In November 2018, researchers at ESETreported that 21 distinct websites in Vietnam and Cambodia, including Ministry of Defense of Cambodia, the Ministry of Foreign Affairs and International Cooperation of Cambodia and several Vietnamese newspaper websites, were used as intermediary targets in watering hole attacks.

According to the researchers, the modus operandi is similar on all compromised websites in which the attackers add a small piece of malicious code on the compromised websites. While not applicable in all cases, the researchers reported that the code injected into the compromised websites checks for the visitor’s location, and only visitors from Vietnam and Cambodia actually receive the malware. The researchers added that the server controlled by the attackers can send additional payload – referring to the malware that performs the actual malicious actions.

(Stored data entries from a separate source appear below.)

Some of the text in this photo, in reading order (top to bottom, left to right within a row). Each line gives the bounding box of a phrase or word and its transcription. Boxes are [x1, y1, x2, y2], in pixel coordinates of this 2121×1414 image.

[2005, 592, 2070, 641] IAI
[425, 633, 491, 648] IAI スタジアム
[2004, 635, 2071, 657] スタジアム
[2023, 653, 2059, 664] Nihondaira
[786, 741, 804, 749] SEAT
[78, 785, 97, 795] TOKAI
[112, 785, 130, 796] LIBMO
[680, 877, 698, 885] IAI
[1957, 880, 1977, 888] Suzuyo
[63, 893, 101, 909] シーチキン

Researchers at ESET said they weren’t able to identify examples of payloads sent by the attackers as these payloads were only delivered to specific targets and it wasn’t possible to get them using a test machine. In November 2017, researchers at Volexityfound a similar set of compromised websites of individuals and organizations tied to the government, the media, human rights and civil society groups. The researchers, in these cases, found that the payloads downloaded unto the site visitor’s computer include a pop-up asking to approve OAuth access to the victim’s Google account. This tactic allows attackers to get access to the victim’s contacts and emails.

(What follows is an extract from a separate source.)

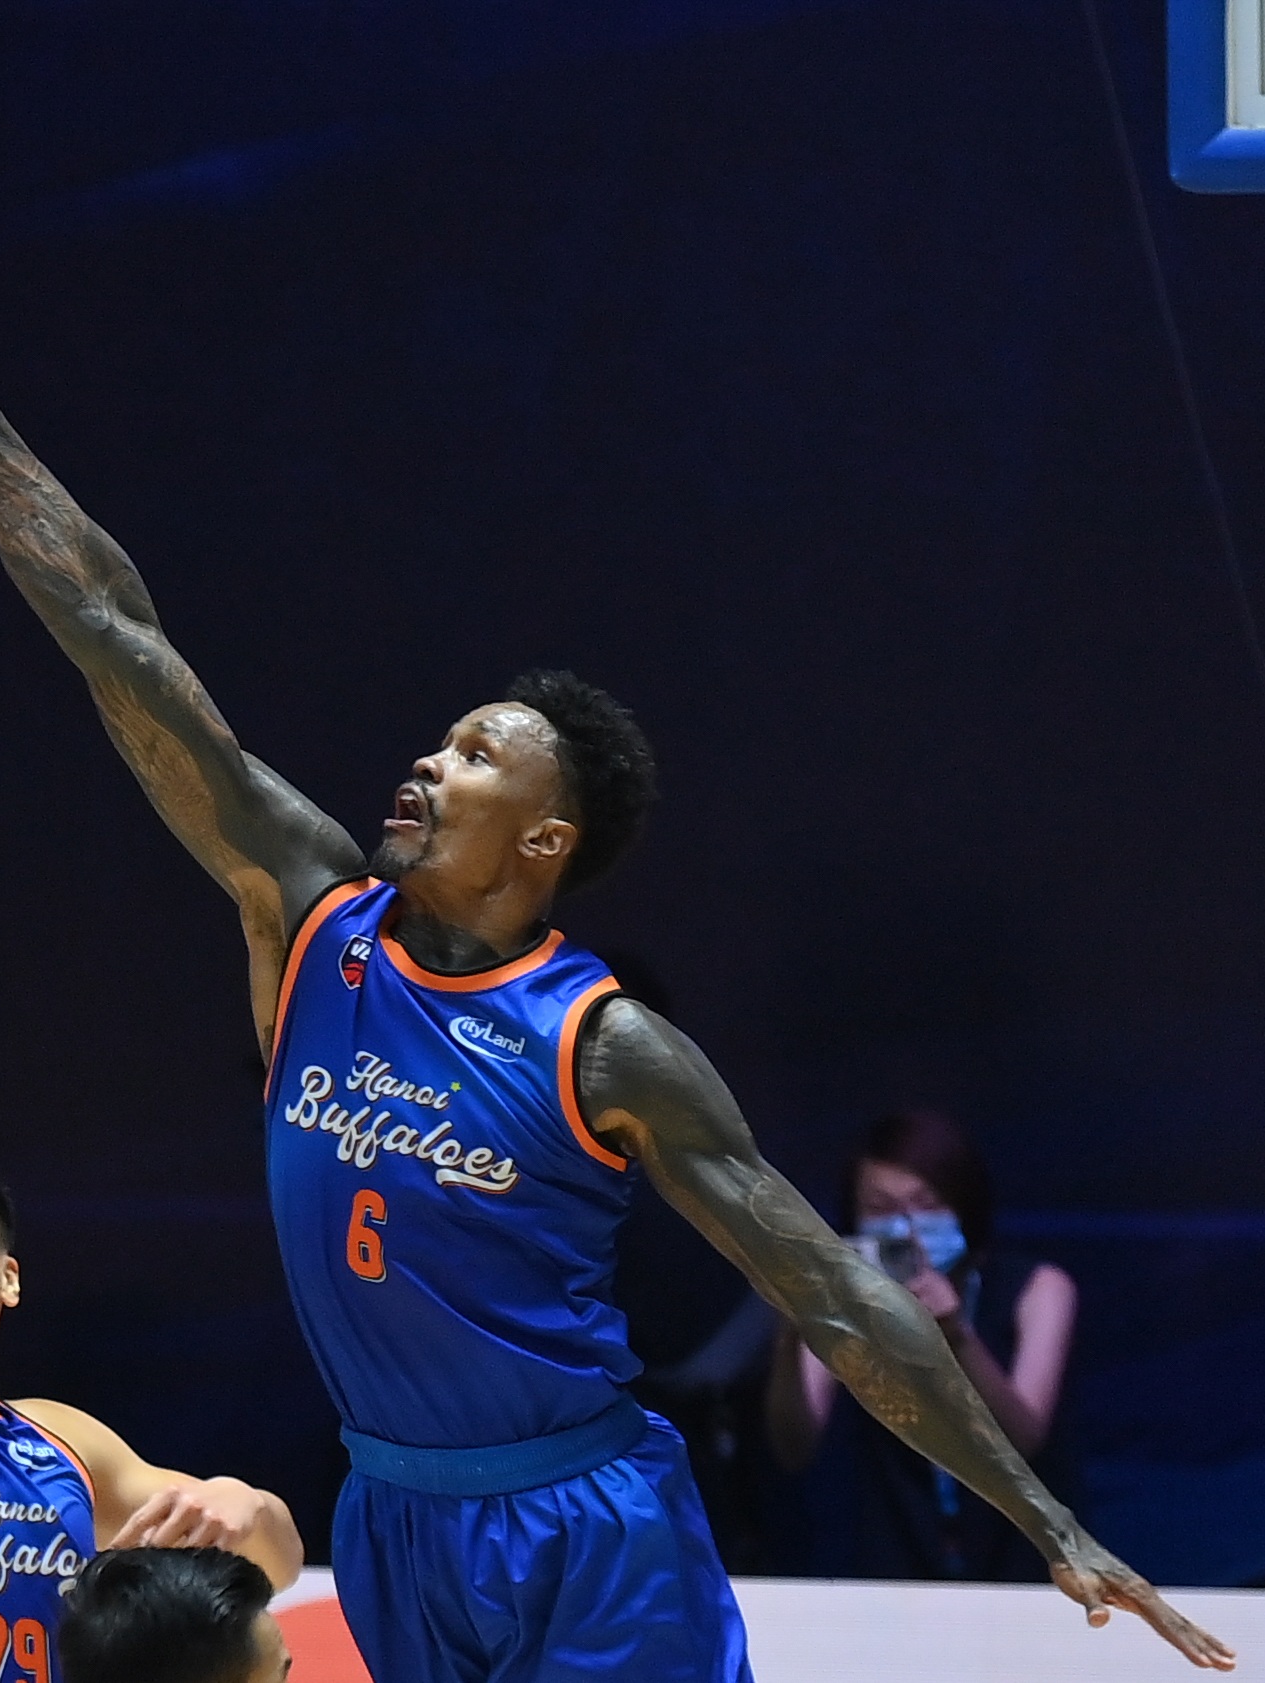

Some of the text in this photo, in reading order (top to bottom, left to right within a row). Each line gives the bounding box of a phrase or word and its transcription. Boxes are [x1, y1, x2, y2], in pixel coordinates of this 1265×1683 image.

[449, 1016, 525, 1062] CityLand
[345, 1050, 462, 1110] Hanoi
[285, 1065, 520, 1194] Buffaloes
[346, 1188, 387, 1282] 6

The recent watering hole attacks are reminiscent of the cyber-espionage campaign called “Epic Turla”. In August 2014, Kaspersky observed 100 compromised websites for watering hole attacks.

Once a computer is infected with the Epic malware, Kaspersky reported that the malware immediately connects to the command-and-control (C&C) server to deliver pre-configured series of commands for execution and custom lateral movement tools such as a keylogger – a malicious program aimed at stealing data by recording every keystroke made by a computer user.

Prevention and Mitigating Measures

Here are some cyber security measures in order to prevent or mitigate the effects of watering hole attacks:

• Keep all software up to date.
• Be wary of clicking pop-ups.
• Configure the devices or computers used by non-IT staff not to install programs. This is to prevent the employees from unknowingly installing malicious programs as a result of visiting websites used as intermediary targets for watering hole attacks or by clicking malicious links in phishing emails.
• Whitelist sites that can be visited by staff using their work devices or computers and regularly evaluate the security posture of these whitelisted sites. For the possibility that these sites might one day be used as intermediary targets for watering hole attacks, don’t allow downloads from these sites.